Posted by Matt Birchler
— 2 min read

Casey Newton writing on Platformer: Google Slings More AI at the Web

To get the web we had at its peak, platforms and publishers had to align around mutually beneficial incentives. They did it before, and they can do it again. It would nice to see some progress here before the web breaks any further than it already has.

This really is the big question, and Casey brings up one idea that I think is quite interesting related to letting you connect your premium website subscriptions into chatbots so you can get better answers based on the sources you personally pay for. I don’t think there’s a single magic bullet that will make the future of the web great for everyone, but the current state of things has been developed over decades and is basically unrecognizable to someone who teleported here from the 90s.

If I could be real for a second, I’ve found my corner of the internet to be frustratingly quick to pretend all of this LLM stuff is doing nothing of value, or to just throw their hands in the air and exclaim, “it’s all over!” I think too many people feel these tools are just like NFTs, and they’ll have 6 months of heat before crashing down – a tough position to take 2.5 years after the launch of ChatGPT. I’m not saying you need to love them or even use them yourself, and I’m certainly not saying that you need to use them or be left behind (a common NFT/crypto tactic), but I think sticking your head in the sand and wishing the rest of the world stops using them is an increasingly perilous position to take.

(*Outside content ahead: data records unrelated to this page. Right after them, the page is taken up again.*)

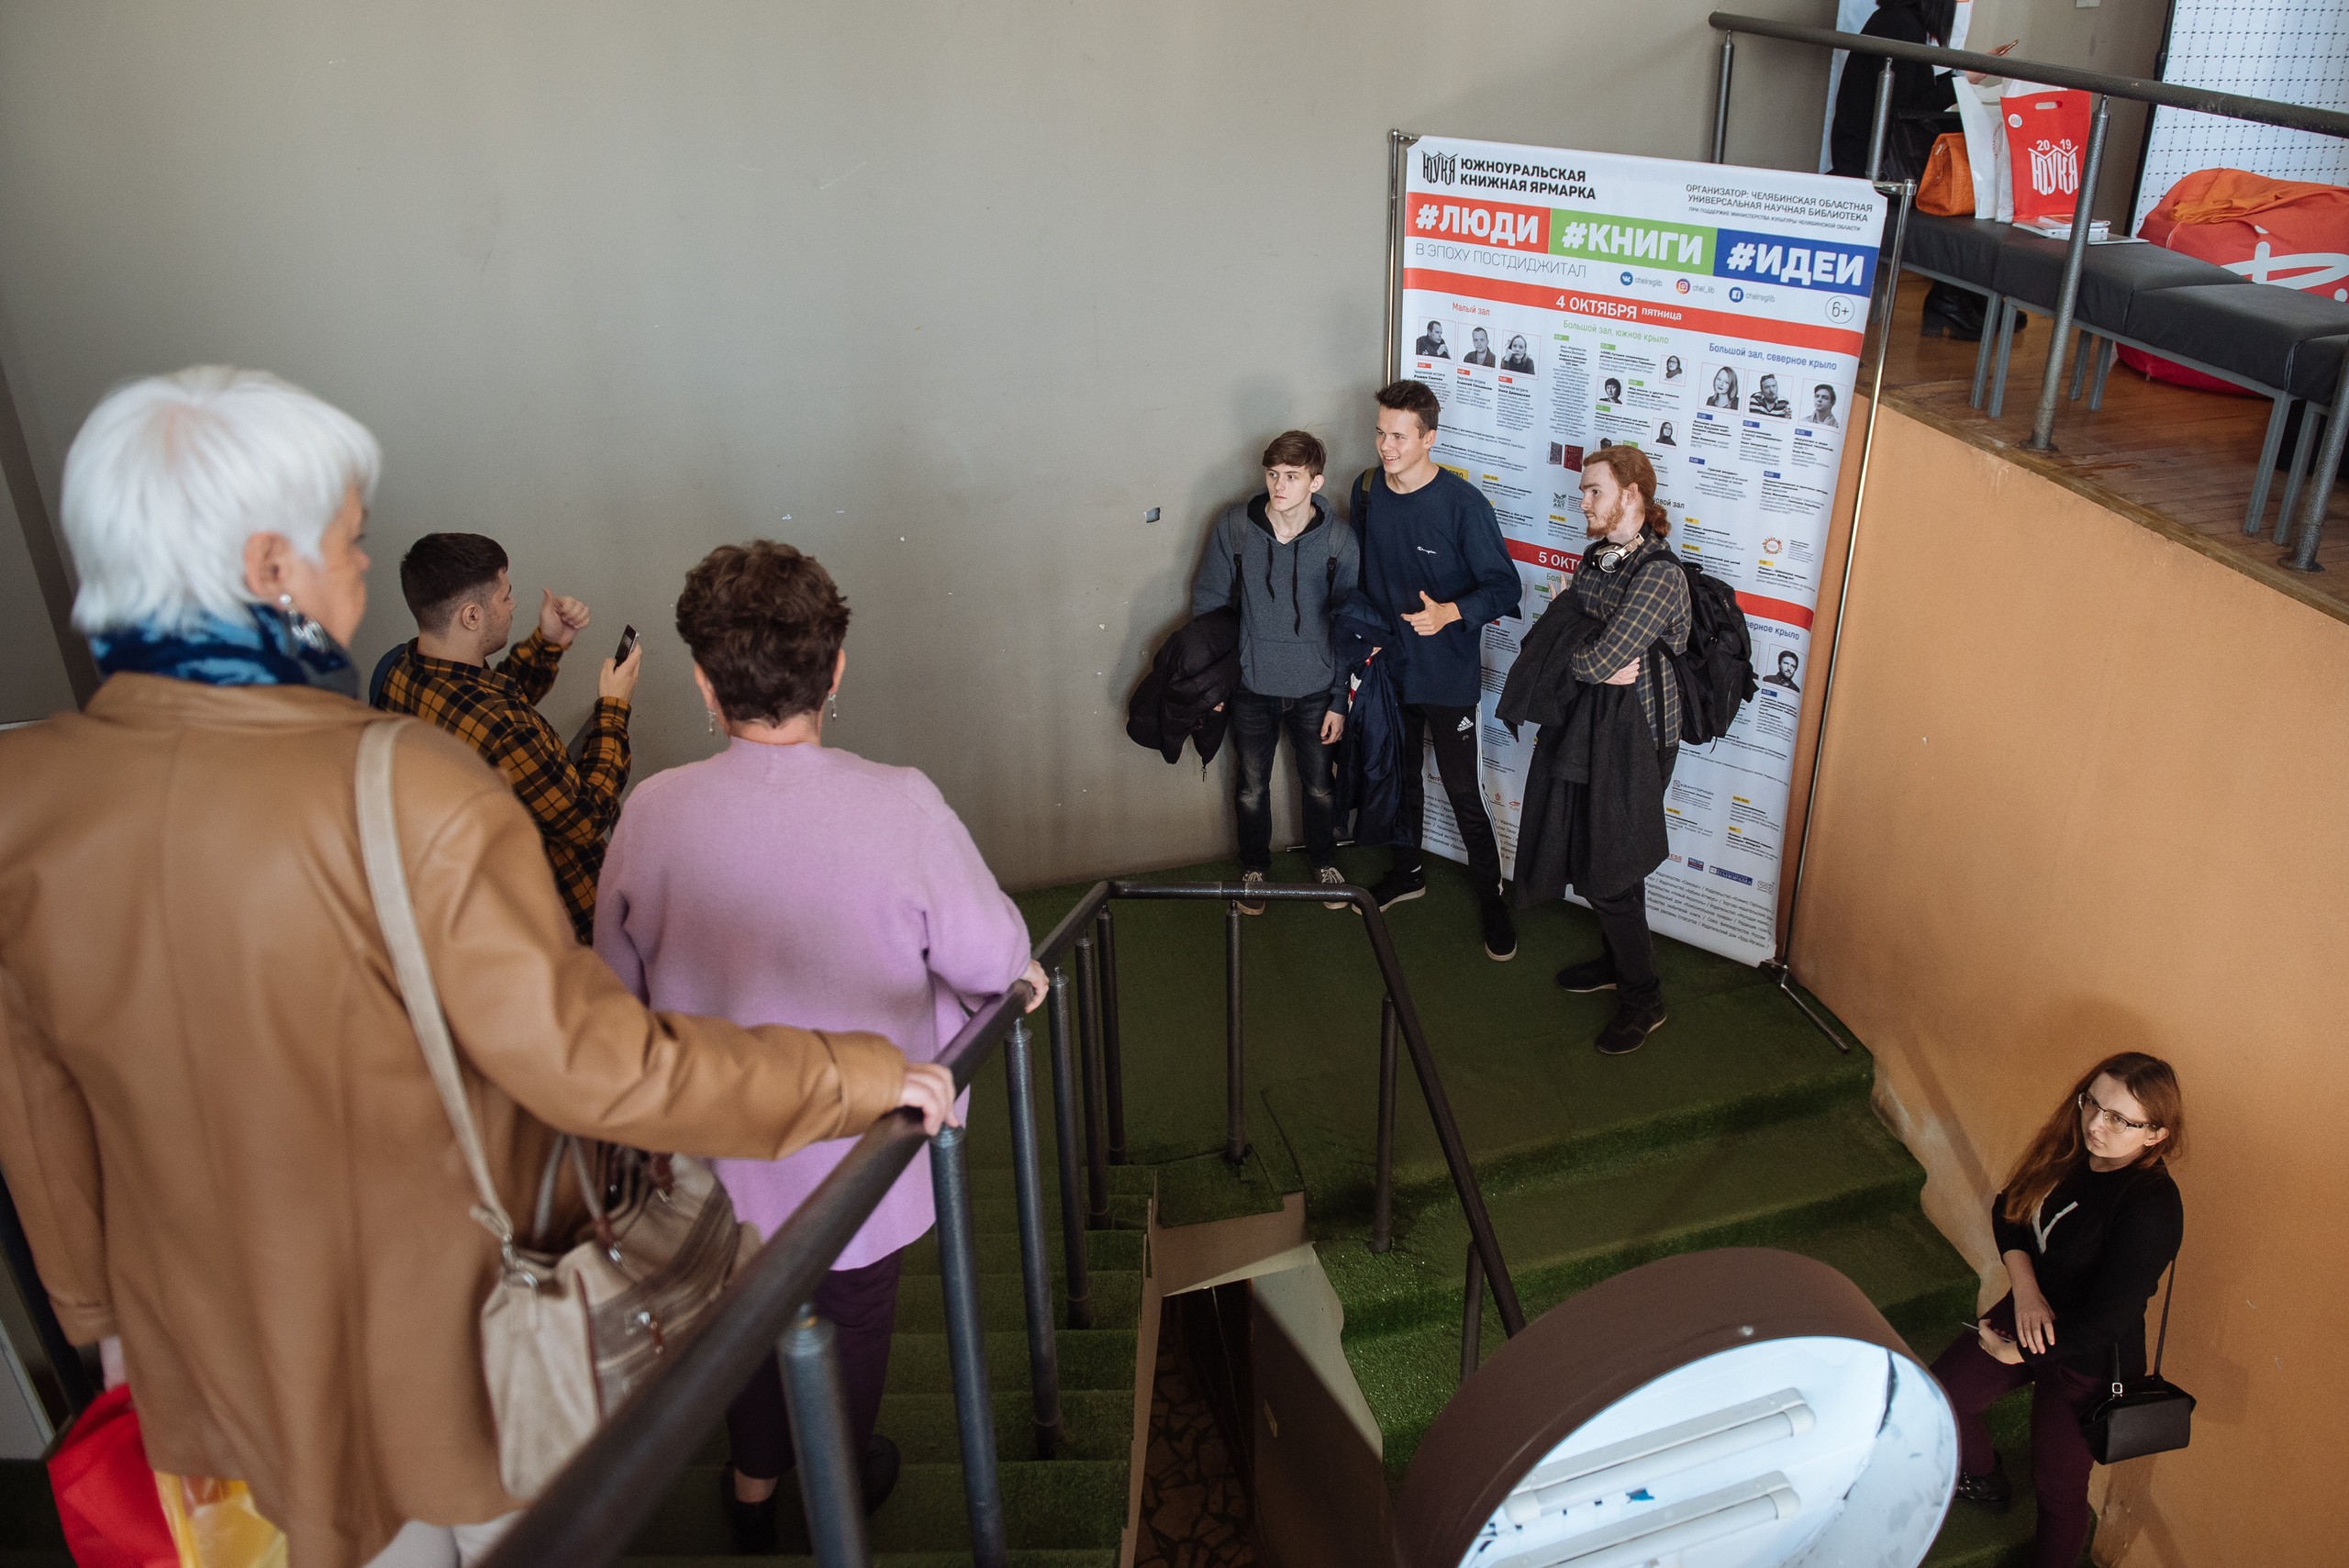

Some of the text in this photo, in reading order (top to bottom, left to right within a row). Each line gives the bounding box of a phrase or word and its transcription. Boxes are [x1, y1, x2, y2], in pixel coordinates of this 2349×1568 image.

[2036, 139, 2072, 151] 20 19
[1461, 158, 1586, 182] ЮЖНОУРАЛЬСКАЯ
[1461, 173, 1596, 200] КНИЖНАЯ ЯРМАРКА
[1686, 183, 1873, 213] ОРГАНИЗАТОР: ЧЕЛЯБИНСКАЯ ОБЛАСТНАЯ
[1688, 195, 1868, 222] УНИВЕРСАЛЬНАЯ НАУЧНАЯ БИБЛИОТЕКА
[1699, 208, 1730, 217] ПОДДЕРЖКЕ
[1731, 212, 1770, 221] МИНИСТЕРСТВА
[1798, 219, 1836, 229] ЧЕЛЯБИНСКОЙ
[1416, 204, 1538, 246] #ЛЮДИ
[1562, 222, 1703, 265] #КНИГИ
[1416, 243, 1586, 278] В ЭПОХУ ПОСТДИДЖИТАЛ
[1726, 242, 1865, 286] #ИДЕИ
[1635, 276, 1663, 287] chelreglib
[1556, 295, 1682, 320] 4 ОКТЯБРЯ пятница
[1745, 289, 1775, 303] chelreglib
[1453, 303, 1475, 314] Малый
[1831, 301, 1850, 317] 6+
[1564, 320, 1669, 345] Большой зал, южное крыло
[1709, 343, 1837, 371] Большой зал, северное крыло
[1652, 497, 1685, 509] овой зал
[1538, 551, 1547, 563] 5
[1745, 620, 1800, 640] верное крыло

I guess my message is that it’s time to engage. The internet blew up a lot of ways the world used to work and it destroyed the value of many things that used to be a part of our daily lives. That disruption was met by creative thinkers who found new business models and new ways to bring value to people with the new tools available to them. If you think that LLMs are going to destroy search engines and referral traffic, then help brainstorm solutions to this problem or work towards building a human-centric internet that people want to visit and can’t be replaced by bots. To get a little meta for a second, this is a personal blog that I’ll have been writing for 15 years this fall, and if you’re subscribed, there’s a good chance that you’re not here for the raw news or tips and tricks on using your computer better (I have a YouTube channel for that 😉), you’re here for the person behind the keyboard. That’s the human internet, and I think it still has a strong future if we keep at it. I think that future is more at risk if too many people choose not to engage and just hope this all goes away.